Neuronal antenna senses signals from the bone to sustain cognition by boosting autophagy.

The common occurrence of cognitive decline is one of the most significant manifestations of aging in the brain, with the hippocampus - critical for learning and memory - being one of the first regions to exhibit functional deterioration. BGLAP/OCN/osteocalcin (bone gamma-carboxyglutamate protein), a pro-youth systemic factor produced by the bone, improves age-related cognitive decline by boosting hippocampal neuronal autophagy. However, the mechanism by which hippocampal neurons detect BGLAP/OCN in the systemic milieu and adapt their downstream response was previously unknown.

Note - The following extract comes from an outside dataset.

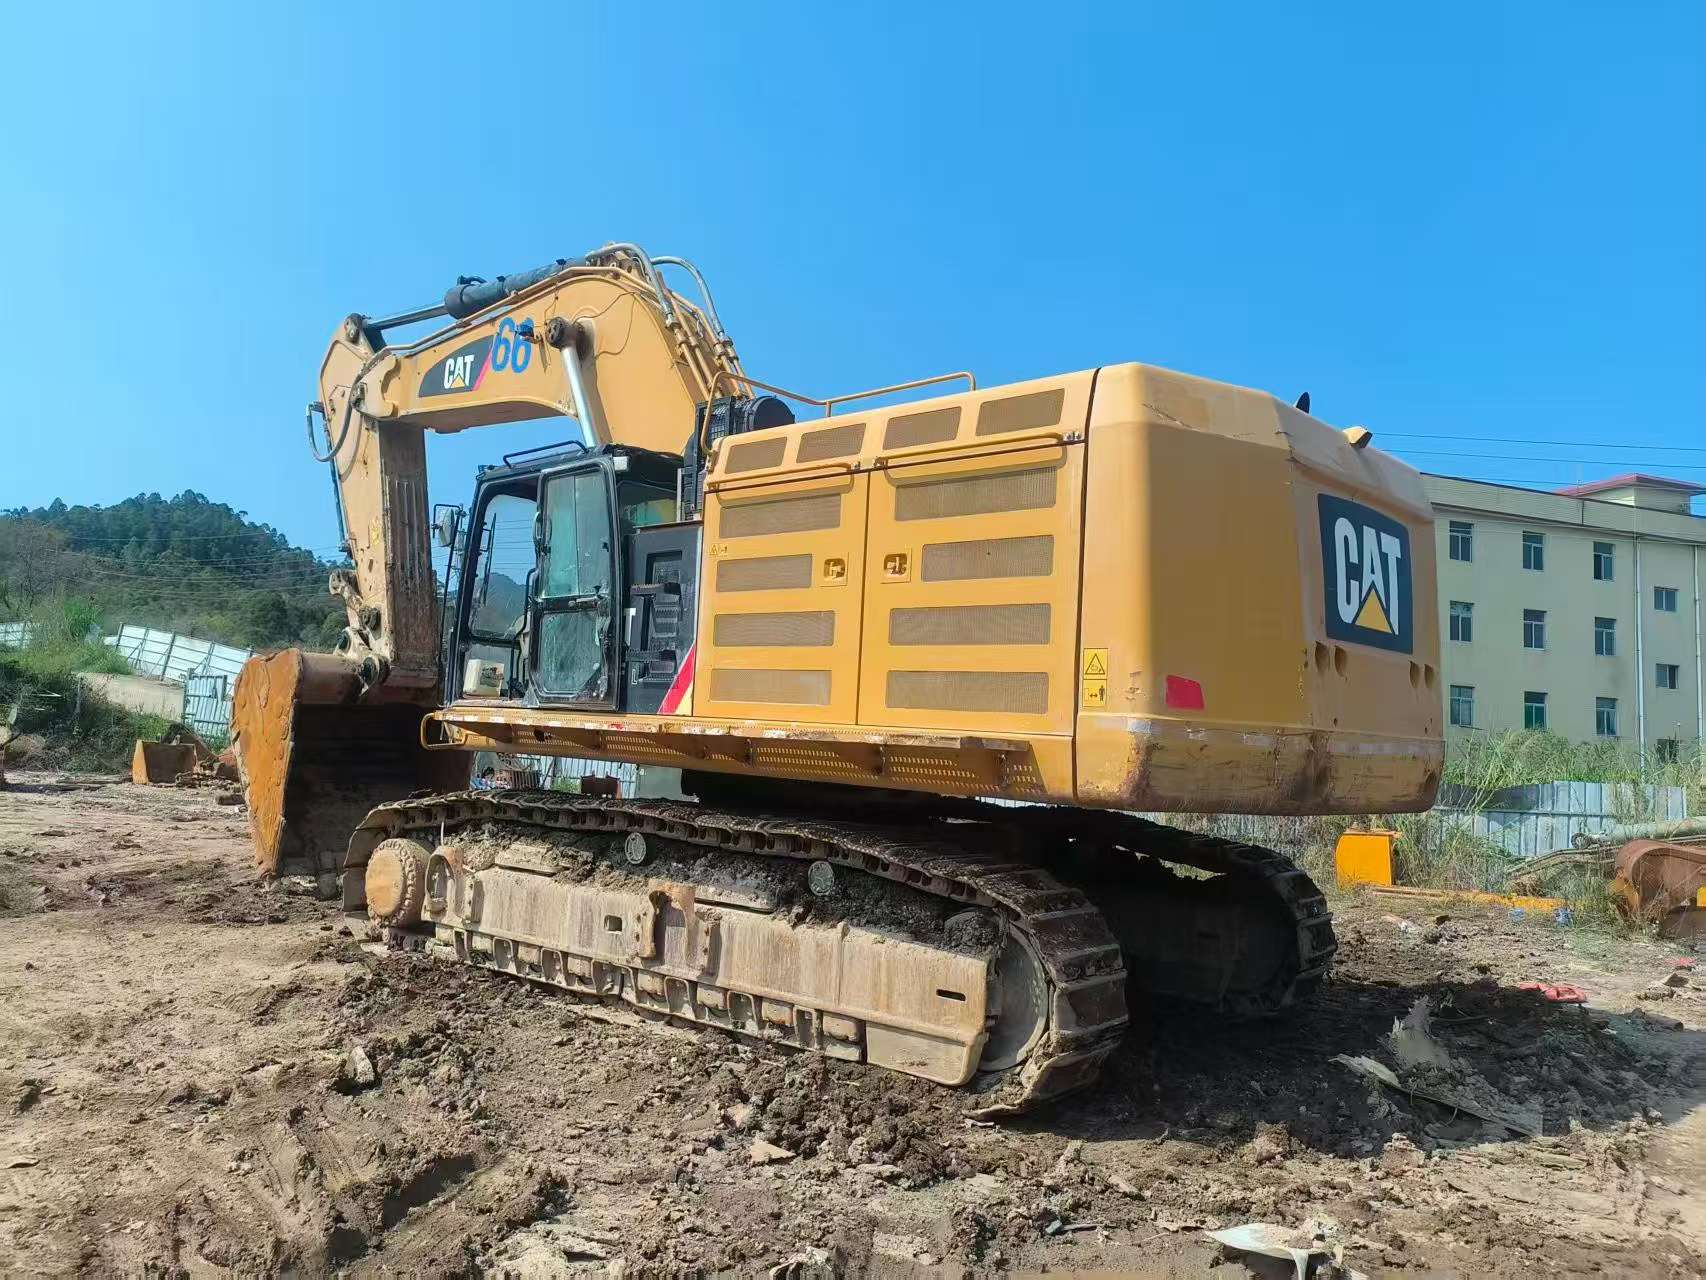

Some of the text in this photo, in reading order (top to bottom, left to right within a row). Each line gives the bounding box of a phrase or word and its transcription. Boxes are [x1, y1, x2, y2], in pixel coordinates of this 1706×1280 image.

[443, 354, 475, 389] CAT
[492, 317, 534, 373] 66
[1334, 517, 1401, 636] CAT

We determined that BGLAP/OCN modulates core primary cilia (PC) proteins, suggesting that this "extracellular antenna" may play a role in mediating BGLAP/OCN's anti-aging effects. Furthermore, selective downregulation of core PC proteins in the hippocampus impairs learning and memory by reducing neuronal macroautophagy/autophagy. In contrast, restoring core PC protein levels in the hippocampus of aged mice improved this phenotype and was necessary for the induction of autophagy machinery by BGLAP/OCN. Together, these findings reveal a novel mechanism through which pro-youth systemic factors, like BGLAP/OCN, can regulate neuronal autophagy and foster cognitive resilience during aging.